4:15 Worketh wrath [orgēn katergazetai]. Because of disobedience to it. Neither is there transgression [oude parabasis]. There is no responsibility for the violation of a non-existent law.

4:16 Of faith [ek pisteōs]. As the source. According to grace [kata charin]. As the pattern. To the end that [eis to einai]. Purpose again as in 11. Sure [bebaian]. Stable, fast, firm. Old adjective from [bainō], to walk. Not to that only which is of the law [ou tōi ek tou nomou monon]. Another instance where [monon] (see verse 12) seems in the wrong place. Normally the order would be, [ou monon tōi ek tou nomou, alla kai ktl].

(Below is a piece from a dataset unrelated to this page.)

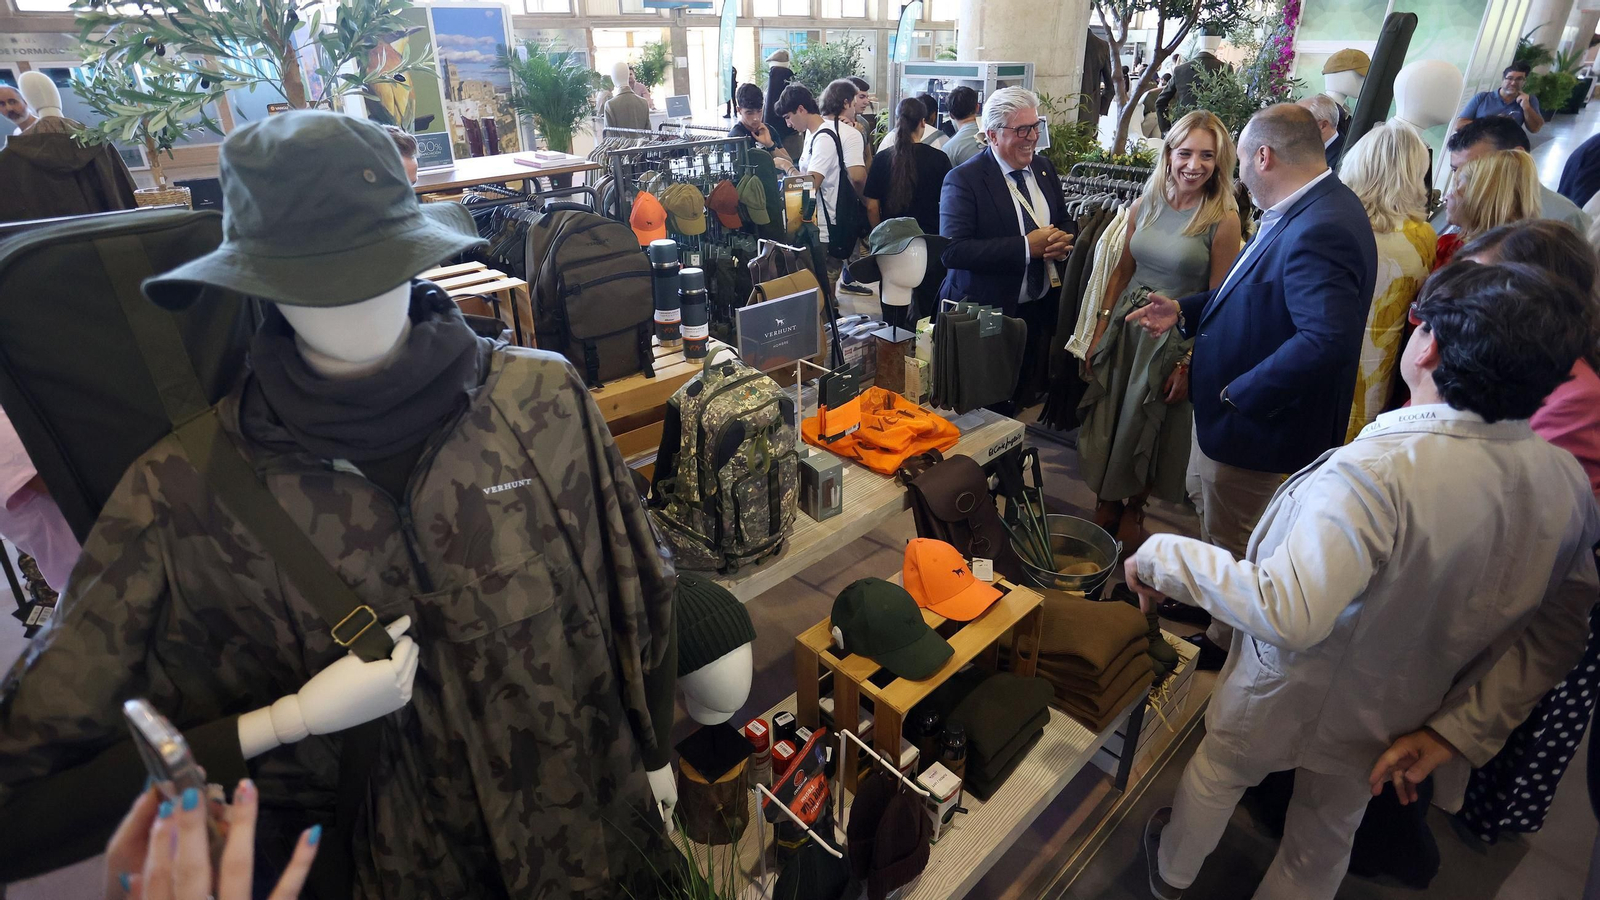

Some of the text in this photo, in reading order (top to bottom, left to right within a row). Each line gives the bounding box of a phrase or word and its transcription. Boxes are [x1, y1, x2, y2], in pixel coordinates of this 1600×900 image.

4:17 A father of many nations [patera pollōn ethnōn]. Quotation from Ge 17:5. Only true in the sense of spiritual children as already explained, father of believers in God. Before him whom he believed even God [katenanti hou episteusen theou]. Incorporation of antecedent into the relative clause and attraction of the relative [hōi] into [hou]. See Mr 11:2 for [katenanti], “right in front of.” Calleth the things that are not as though they were [kalountos ta mē onta hōs onta]. “Summons the non-existing as existing.” Abraham’s body was old and decrepit. God rejuvenated him and Sarah (Heb 11:19).

4:18 In hope believed against hope [par’ elpida ep’ elpidi episteusen]. “Past hope in (upon) hope he trusted.” Graphic picture. To the end that he might become [eis to genesthai auton]. Purpose clause again with [eis] to and the infinitive as in verses 11-16.

4:19 Without being weakened in faith [mē asthenēsas tēi pistei]. “Not becoming weak in faith.” Ingressive first aorist active participle with negative []. Now as good as dead [ēdē nenekrōmenon]. Perfect passive participle of [nekroō], “now already dead.” B omits [ēdē]. He was, he knew, too old to become father of a child. About [pou]. The addition of [pou] (somewhere, about) “qualifies the exactness of the preceding numeral” (Vaughan). The first promise of a son to Abraham and Sarah came (Ge 15:3f.) before the birth of Ishmael (86 when Ishmael was born). The second promise came when Abraham was 99 years old (Ge 17:1), calling himself 100 (Ge 17:17).

4:20 He wavered not through unbelief [ou diekrithē tēi apistiāi]. First aorist passive indicative of old and common verb [diakrinō], to separate, to distinguish between, to decide between, to desert, to dispute, to be divided in one’s own mind. This last sense occurs here as in Mt 21:22; Mr 11:23; Ro 14:23; Jas 1:6. “He was not divided in his mind by unbelief” (instrumental case). Waxed strong through faith [enedunamōthē tēi pistei]. First aorist passive again of [endunamoō], late word to empower, to put power in, in LXX and Paul and Ac 9:22.

4:21 Being fully assured [plērophorētheis]. First aorist passive participle of [plērophoreō], from [plērophoros] and this from [plērēs] and [pherō], to bear or bring full (full measure), to settle fully. Late word, first in LXX but frequent in papyri in sense of finishing off or paying off. See on Lu 1:1; Ro 14:5. What he had promised [ho epēggeltai]. Perfect middle indicative of [epaggellomai], to promise, retained in indirect discourse according to usual Greek idiom. He was able [dunatos estin]. Present active indicative retained in indirect discourse. The verbal adjective [dunatos] with [estin] is here used in sense of the verb [dunatai] (Lu 14:31; Ac 11:17).

4:23 That [hoti]. Either recitative or declarative [hoti]. It makes sense either way.

4:24 Him that raised up Jesus [ton egeiranta Iēsoun]. First aorist active articular participle of [egeirō], to raise up. The fact of the Resurrection of Jesus is central in Paul’s gospel (1Co 15:4ff.).

4:25 For our justification [dia tēn dikaiōsin hēmōn]. The first clause [paredothē dia ta paraptōmata] is from Isa 53:12. The first [dia] with [paraptōmata] is probably retrospective, though it will make sense as prospective (to make atonement for our transgressions). The second [dia] is quite clearly prospective with a view to our justification. Paul does not mean to separate the resurrection from the death of Christ in the work of atonement, but simply to show that the resurrection is at one with the death on the Cross in proof of Christ’s claims.